The Public Health Agency of Canada has been working with the chief medical officers of the provinces and territories to guide reopening plans through a Federal, Provincial and Territorial Special Advisory Committee (SAC) created in January.
“The SAC has agreed on a set of 7 criteria and 14 indicators that provinces and territories can use to assess their readiness for gradually lifting restrictive public health measures in their jurisdiction,” Andre Gagnon, a spokesman for Health Canada, said. They can be found here.
“These criteria and indicators provide a data- and evidence-driven basis for decisions to lift or adjust restrictive public health measures, and would also be used to assess the need to re-introduce specific measures, if required,” he added.
While local governments are managing pandemic lockdowns, they are coordinating with the federal authorities, and it is legally possible for the government to override the provinces, albeit in extreme cases.
Emmett Macfarlane, associate professor of political science at the University of Waterloo, said in an email, “The federal government in Canada has adopted an appropriate hands-off relationship by allowing provinces to enact restrictions under their powers over health and safety.”
“Indeed, the Quarantine Act was invoked last spring in relation to people arriving from beyond the border.

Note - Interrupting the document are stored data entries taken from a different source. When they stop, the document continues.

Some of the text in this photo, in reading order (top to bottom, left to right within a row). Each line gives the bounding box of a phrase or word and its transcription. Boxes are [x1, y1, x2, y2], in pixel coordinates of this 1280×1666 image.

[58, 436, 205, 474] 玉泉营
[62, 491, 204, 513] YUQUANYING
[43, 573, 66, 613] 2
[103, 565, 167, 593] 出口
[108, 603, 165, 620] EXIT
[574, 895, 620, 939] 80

But only in an absolutely catastrophic situation would the federal government willingly intrude on lockdown measures for local cities/regions,” Macfarlane, a constitutional law expert, said.

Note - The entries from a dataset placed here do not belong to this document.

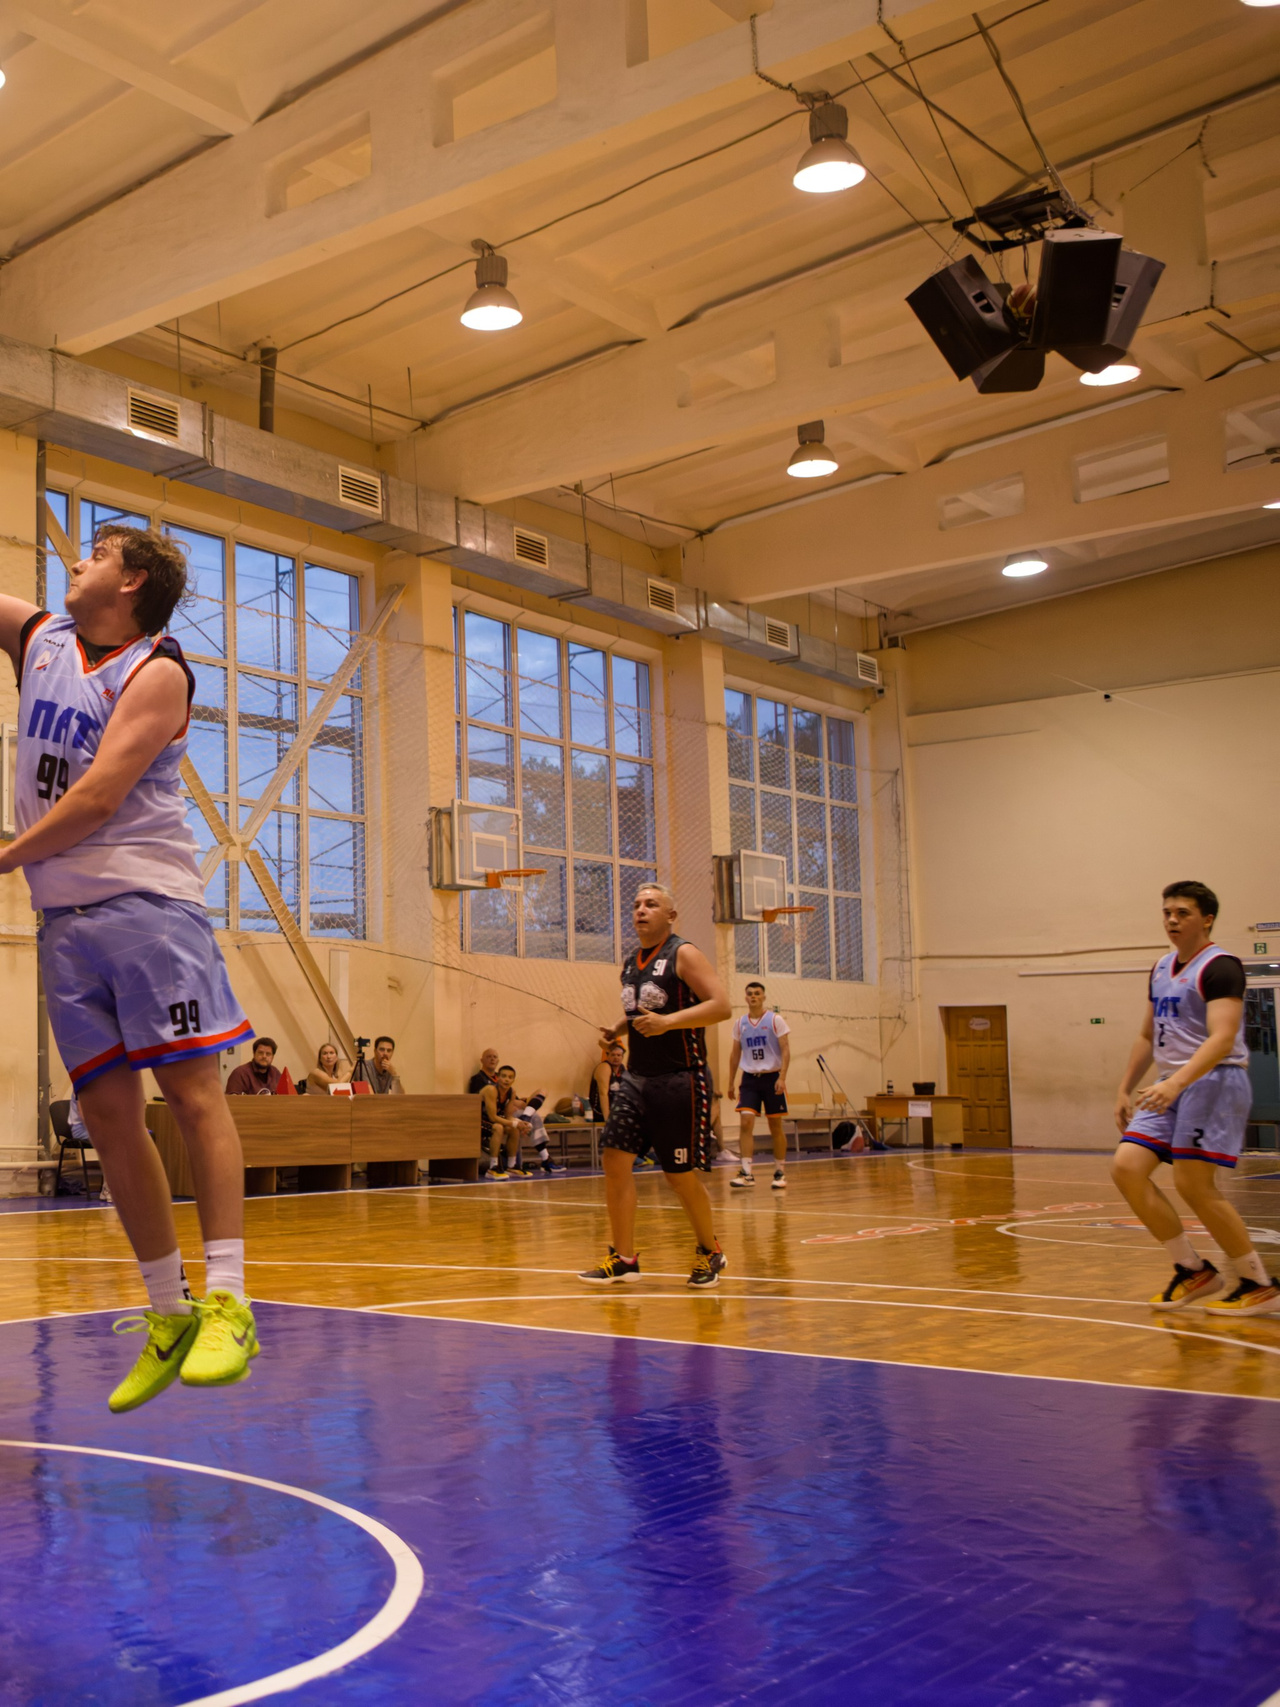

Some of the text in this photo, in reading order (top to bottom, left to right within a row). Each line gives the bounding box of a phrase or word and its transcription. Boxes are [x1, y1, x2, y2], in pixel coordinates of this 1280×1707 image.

[36, 753, 70, 802] 99
[652, 959, 668, 976] 91
[169, 999, 201, 1037] 99
[1193, 1128, 1204, 1148] 2
[674, 1148, 688, 1164] 91

The posts also specifically mention “the acquisition of (or construction of) isolation facilities across every province and territory.”
This echoes a recent disinformation campaign claiming that the government of Canada was building “internment camps.”
Question the source
The content of these posts is presented as a secret, internal message from an anonymous person, thus hard to formally prove or disprove. What should be questioned is the origin of the source, says Jeffrey Dvorkin, a University of Toronto journalism teacher whose book on misinformation is about to be published.
“One of the most important questions for everyone that sees a story such as this is: ‘where does this come from and what do we know?’” he said. “The fact that this is coming from one source that cannot be proven to me indicates how unreliable this information is, and frankly, how dangerous it is.”
Dvorkin also raised “bias confirmation,” where a person will only look for information that confirms what he or she already thinks, without lending credibility to other possibly contradicting information.
“And that is not a responsible way to look at information. It basically just confirms your worst fears rather than illuminate your best thinking,” he told AFP by phone.
As the Covid-19 pandemic continues, and the possibility of a snap election looms in Canada, Dvorkin says Canadians should be prepared for more false stories spreading.
“If [the stories] look too good to be true, they probably aren’t true.”
EDIT: This article was updated on October 29, 2020 to add comments from Health Canada and professor Emmett Macfarlane.